DOE Program Managers
John Mandrekas
DOE Office of
Fusion Energy Sciences
Lali Chatterjee
DOE Office of
Advanced Scientific Computing Research

Fusion has the potential to provide a long-term, environmentally-acceptable source of energy for the future. While research during the past 20 years indicates that it will likely be possible to design and build a fusion power plant, the major challenge of making fusion energy economical remains. Improved simulation and modeling of fusion systems using terascale computers is essential to achieving the predictive scientific understanding needed to make fusion practical. Answers to several long-standing questions could give the United States a competitive edge in the design of future fusion power plants. Magnetized fusion plasmas contain electrons and the fusion fuel -- ions of deuterium and tritium. Plasma contained within a fusion device behaves very differently depending on the shape of the magnetic field and distribution of the electric current. Because no material can withstand the 100 million degree temperature of the plasma, it is the magnetic field that actually contains the plasma. Being able to control the plasma is critical to the success of fusion as a source of energy.

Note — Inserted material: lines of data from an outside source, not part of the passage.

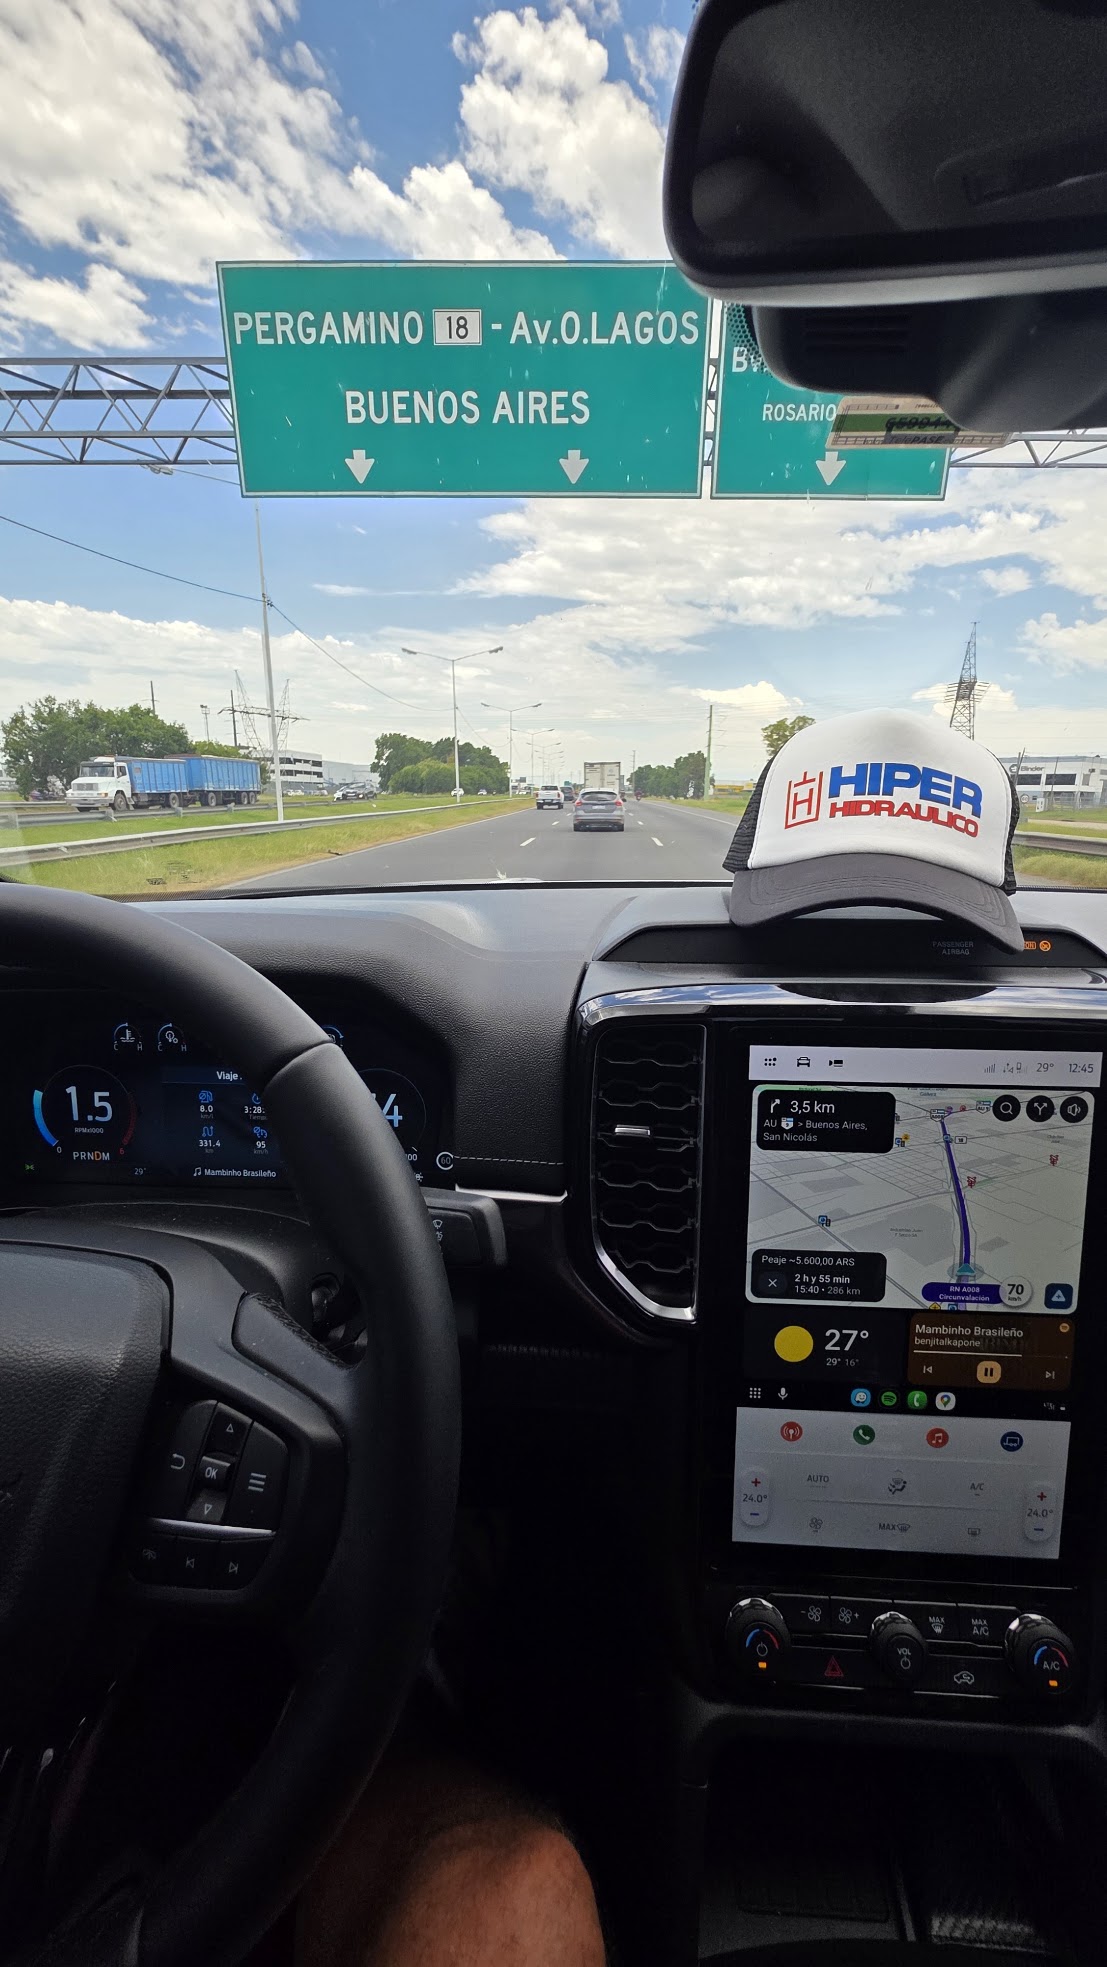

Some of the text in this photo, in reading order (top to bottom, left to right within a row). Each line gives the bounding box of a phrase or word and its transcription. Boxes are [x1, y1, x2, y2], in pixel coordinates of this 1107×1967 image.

[233, 311, 424, 346] PERGAMINO
[445, 315, 470, 340] 18
[510, 310, 699, 345] Av.O.LAGOS
[345, 390, 591, 425] BUENOS AIRES
[761, 403, 837, 422] ROSARIO
[828, 762, 983, 819] HIPER
[829, 800, 979, 838] HIDRAULICO
[932, 941, 975, 949] PASSENGER
[941, 948, 971, 956] AIRBAG
[1068, 1062, 1094, 1074] 12:45
[216, 1070, 239, 1081] Viaje
[65, 1085, 114, 1122] 1.5
[199, 1105, 214, 1113] 8.0
[790, 1100, 835, 1114] 3,5 km
[763, 1119, 777, 1128] AU
[805, 1120, 840, 1129] Buenos
[842, 1121, 868, 1131] Aires,
[763, 1132, 818, 1142] San Nicolás
[198, 1139, 221, 1148] 331.4
[255, 1140, 266, 1149] 95
[440, 1156, 451, 1165] 60
[204, 1168, 277, 1178] Mambinho Brasileño
[761, 1255, 787, 1267] Peaje
[835, 1256, 855, 1267] ARS
[794, 1273, 851, 1286] 2 h y 55 min
[794, 1284, 861, 1295] 15:40 286 km
[1007, 1283, 1024, 1295] 70
[938, 1293, 990, 1302] Circunvalación
[915, 1324, 1024, 1338] Mambinho Brasileño
[824, 1328, 869, 1351] 27°
[914, 1336, 981, 1348] benjitalkapone
[826, 1357, 859, 1367] 29° 16°
[205, 1466, 218, 1480] OK
[806, 1474, 830, 1484] AUTO
[969, 1482, 985, 1491] A/C
[742, 1493, 768, 1503] 24.0°
[1026, 1508, 1054, 1518] 24.0°
[878, 1522, 896, 1531] MAX
[928, 1616, 946, 1624] MAX
[971, 1618, 988, 1626] MAX
[972, 1626, 990, 1636] A/C
[1042, 1660, 1060, 1671] A/C

Integrated simulation of magnetic fusion systems involves the simultaneous modeling of the core plasma, the edge plasma, and the plasma-wall interactions. In each region of the plasma, there is anomalous transport driven by turbulence, there are abrupt rearrangements of the plasma caused by large-scale instabilities, and there are interactions with neutral atoms and electromagnetic waves. Many of these processes must be computed on short time and space scales, while the results of integrated modeling are needed for the whole device on long time scales. The mix of complexity and widely differing scales in integrated modeling results in a unique computational challenge

At present our understanding of the small-scale ("micro") instabilities that degrade plasma confinement by causing the turbulent transport of energy and particles and the large-scale ("macro") instabilities that can produce rapid topological changes in the confining magnetic field are too incomplete to begin developing integrated models. Similarly our understanding of plasma-material interactions and the propagation of electromagnetic waves are also too primitive to begin to develop integrated models. Thus, the first phase of SciDAC activities in fusion energy sciences focuses on the development of improved physics models of each of these elements.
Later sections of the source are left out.